Making A Mystic Dream of 4
Year: 2019 Authors: Iggy McGovern
Core claim
The book is structured poetically around Hamilton’s quaternions, using sonnet sequences and historical voices to honor his mathematical and literary life.
Topics
verse biography, quaternions, William Rowan Hamilton, sonnet sequence
Domains
quaternion algebra, complex numbers, geometry, poetry, literary biography, bookmaking
Methods
sonnet sequence, persona voice, historical framing
Media
printed book, sonnets, commemorative plaque
Paper text
The text below is the locally extracted OCR/Markdown version of the paper. Raw PDF files remain local and are not published here.

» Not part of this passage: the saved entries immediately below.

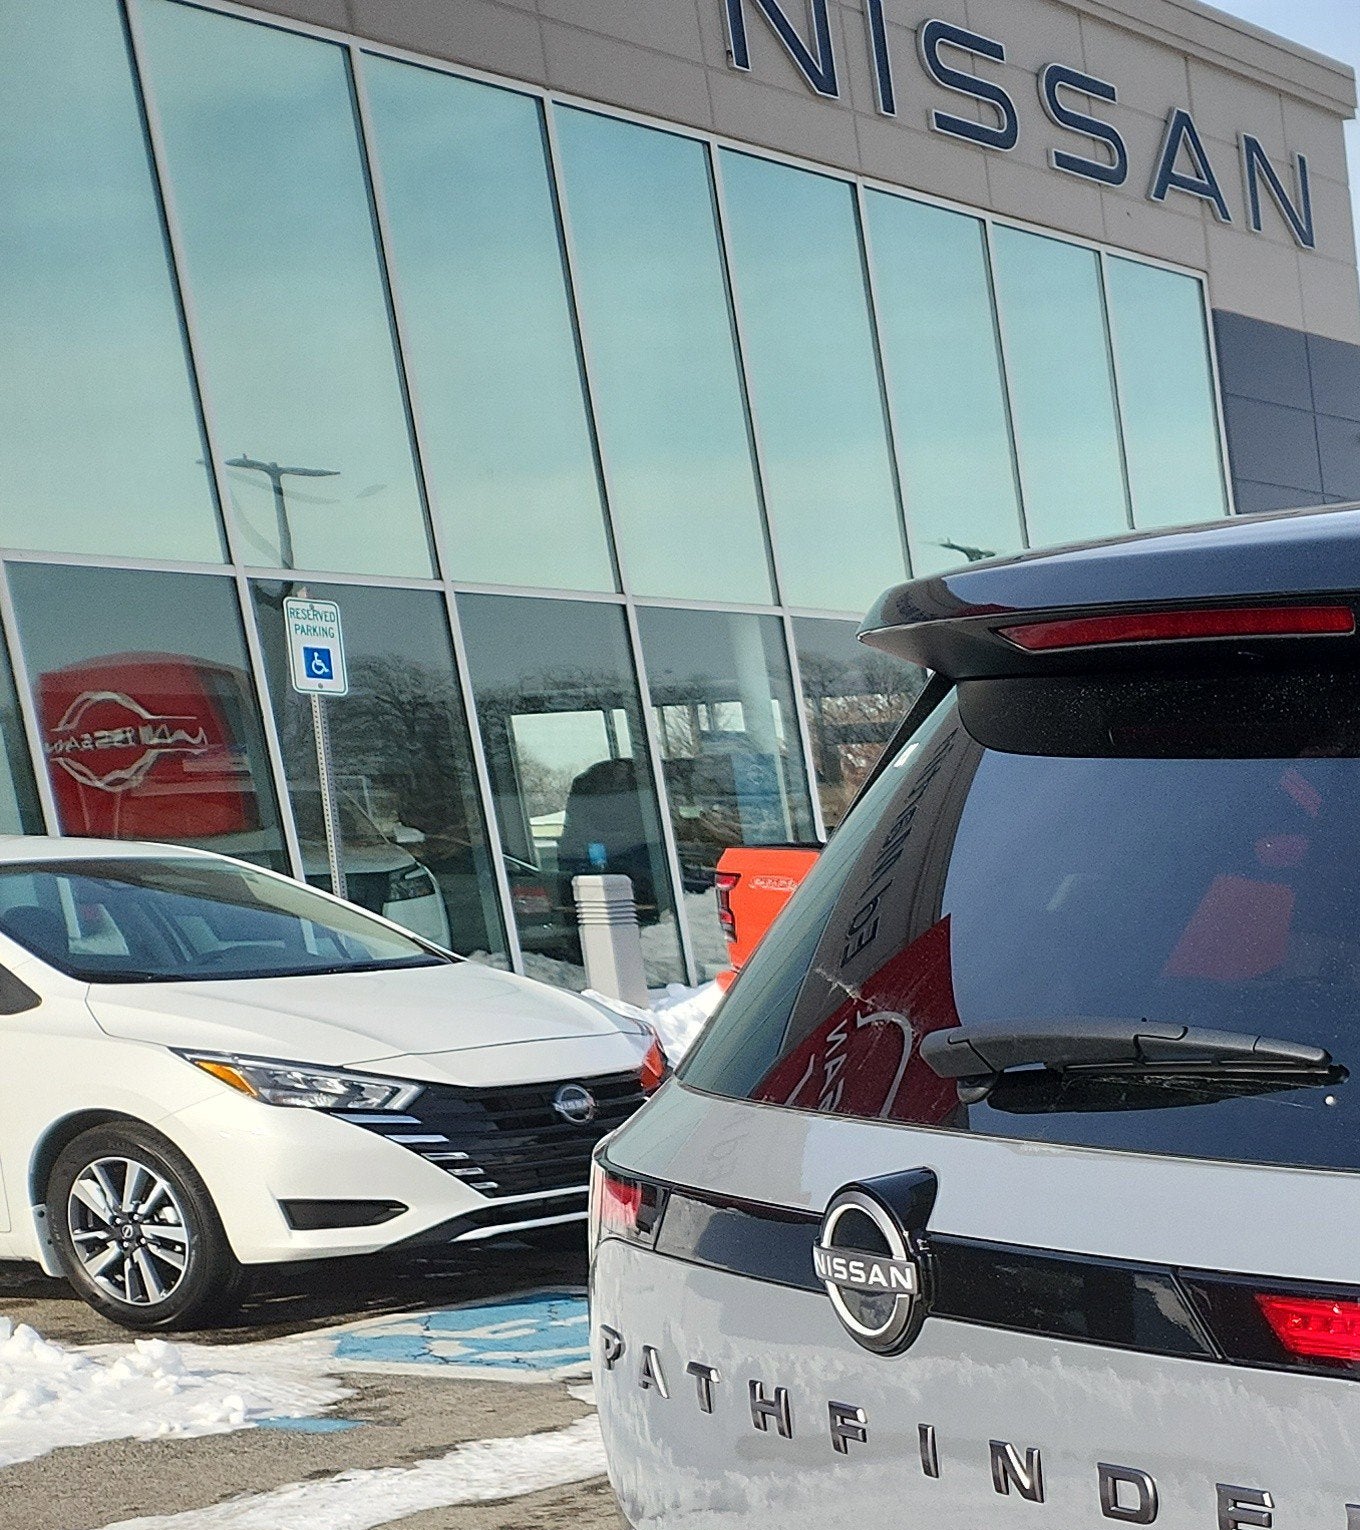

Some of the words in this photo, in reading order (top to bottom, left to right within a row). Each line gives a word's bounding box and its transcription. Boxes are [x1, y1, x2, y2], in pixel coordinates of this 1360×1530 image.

[722, 0, 1317, 250] NISSAN
[289, 607, 336, 623] RESERVED
[294, 623, 335, 639] PARKING
[813, 1248, 913, 1293] NISSAN
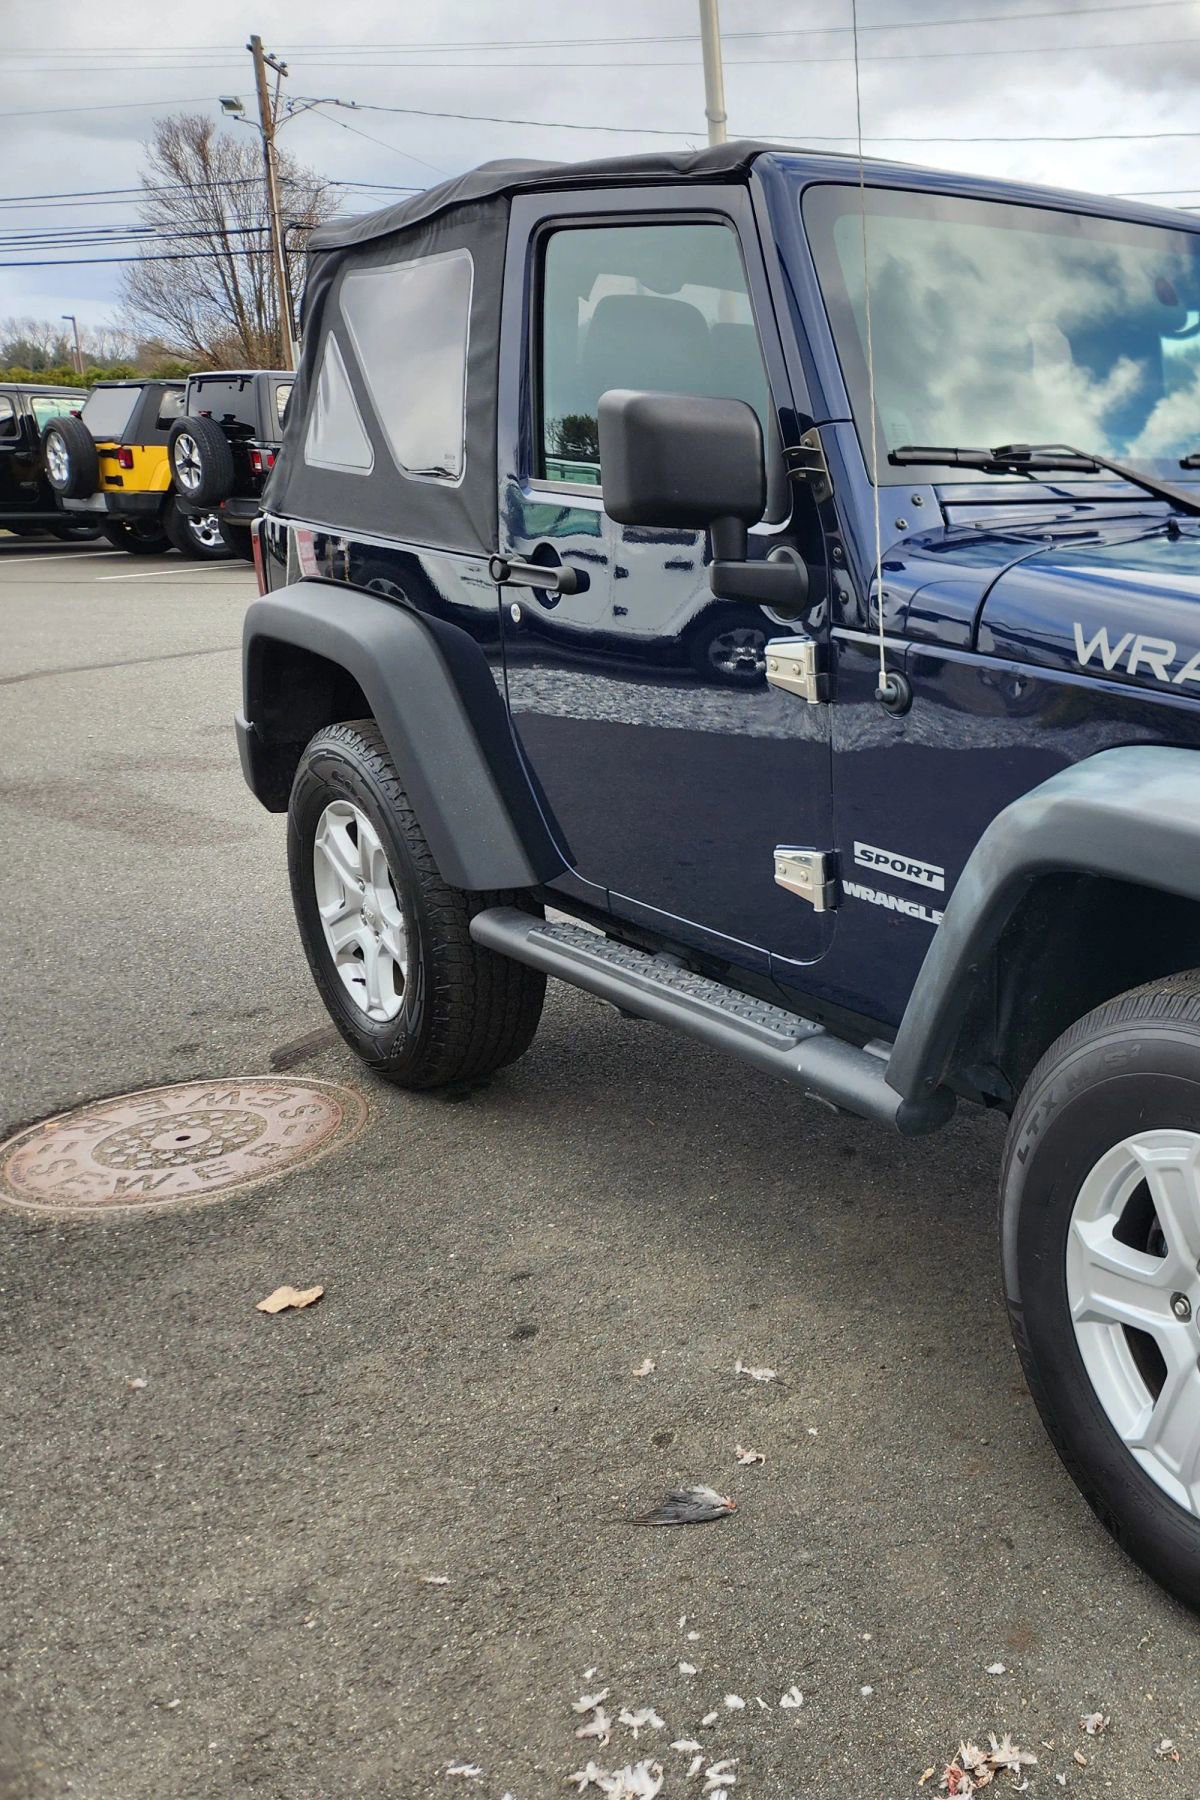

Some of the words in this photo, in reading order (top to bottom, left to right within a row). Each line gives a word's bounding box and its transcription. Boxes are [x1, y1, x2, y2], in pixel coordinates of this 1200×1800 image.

Bridges 2019 Conference Proceedings
Making A Mystic Dream of 4
Iggy McGovern
School of Physics, Trinity College, Dublin; iggy.mcgovern@tcd.ie
Abstract
A Mystic Dream of 4 is the title of my verse biography of the 19th century Irish mathematician, William Rowan Hamilton. This paper presents the thinking behind the making of the book, illustrated by a brief selection of the sonnets therein, hopefully finding some resonance with the themes of the Bridges Conference.
William Rowan Hamilton (1805-65) is Ireland’s most celebrated mathematician; indeed, he is arguably the greatest mathematician of his time; in evidence of that, when the National Academy of Sciences elected its first foreign members in 1864, Hamilton’s name was top of the list! He had made significant contributions in a number of areas, many of which bore greater fruit in the following century (for example, ask any physical sciences graduate about the ‘H’ in the Schrödinger wave equation!). Equally significant, at least for our purposes here, he was also a poet!

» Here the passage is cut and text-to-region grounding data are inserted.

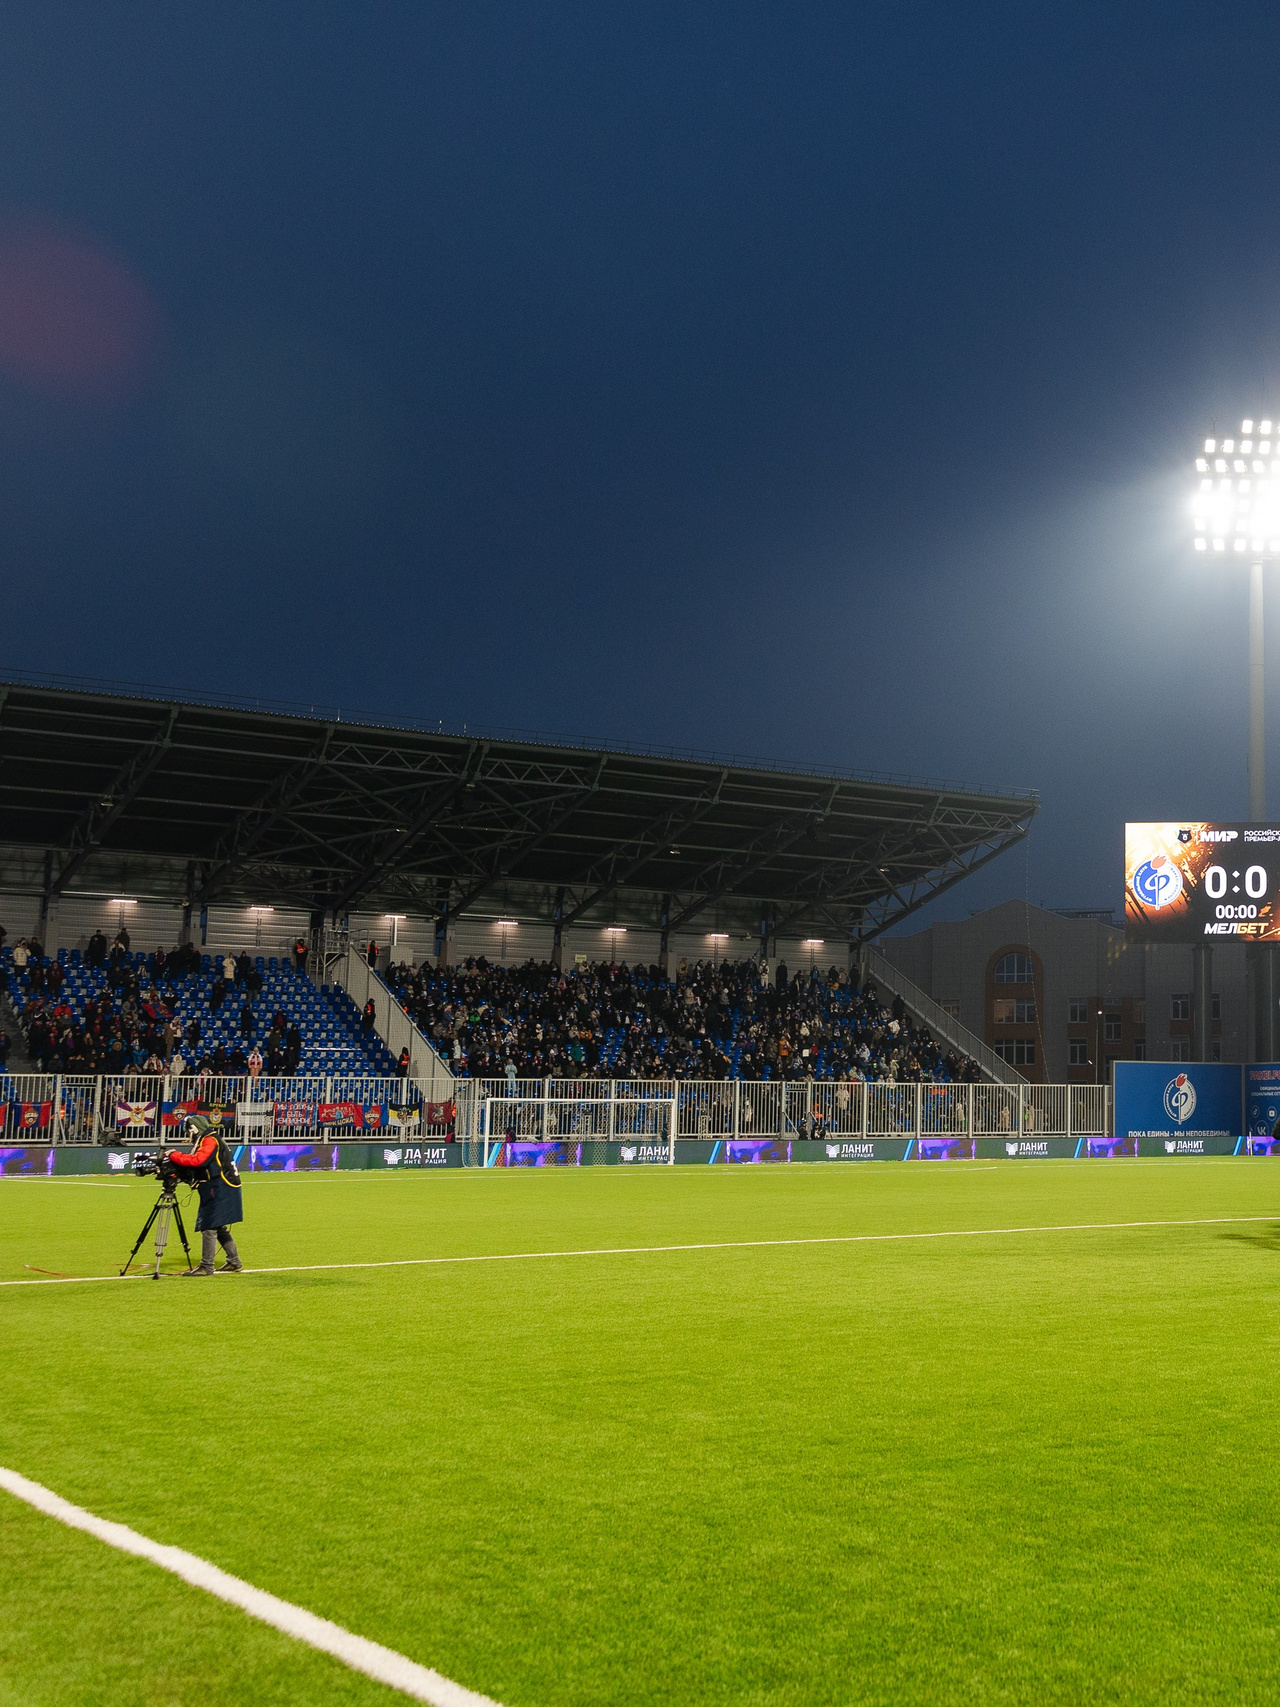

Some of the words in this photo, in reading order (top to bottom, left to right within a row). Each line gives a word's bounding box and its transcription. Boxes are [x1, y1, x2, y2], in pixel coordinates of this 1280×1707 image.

[1200, 831, 1239, 842] МИР
[1205, 865, 1267, 899] 0:0
[1215, 904, 1257, 919] 00:00
[1204, 922, 1269, 934] МЕЛБЕТ
[1128, 1130, 1146, 1138] ПОКА
[841, 1144, 874, 1153] ЛАНИТ
[1019, 1142, 1048, 1151] ЛАНИТ
[1177, 1140, 1204, 1149] ЛАНИТ
[638, 1146, 675, 1156] ЛАНИ

In this paper, I will discuss the making of a book: A title like A Mystic Dream of 4 [5] might suggest elements of spirituality, Freudian psychology and number theory; while all of these are present to some degree, it is in fact a verse-biography, as the subtitle reveals: A sonnet sequence based on the life of William Rowan Hamilton. But the first word of the title of this paper, ‘Making’, is no mere description of the business at hand, ‘to make’ deriving from ancient Greek as poiesis, the root of the word poetry. In the tradition of ‘bad poets borrow, good poets steal’, A Mystic Dream of 4 is lifted from one of Hamilton’s own poems, called The Tetractys [2]:
THE TETRACTYS
Or high Mathésis, with its “charm severe Of line and number,” was our theme; and we Sought to behold its unborn progeny, And thrones reserved in Truth’s celestial sphere; While views before attained became more clear; And how the One of Time, the Space of Three, Might in the chain of symbol girdled be: And when my eager and reverted ear Caught some faint echoes of an ancient strain, Some shadowy outline of old thoughts sublime, Gently He smiled to mark revive again, In later age, and occidental clime, A dimly traced Pythagorean lore; A westward floating, mystic dream of FOUR.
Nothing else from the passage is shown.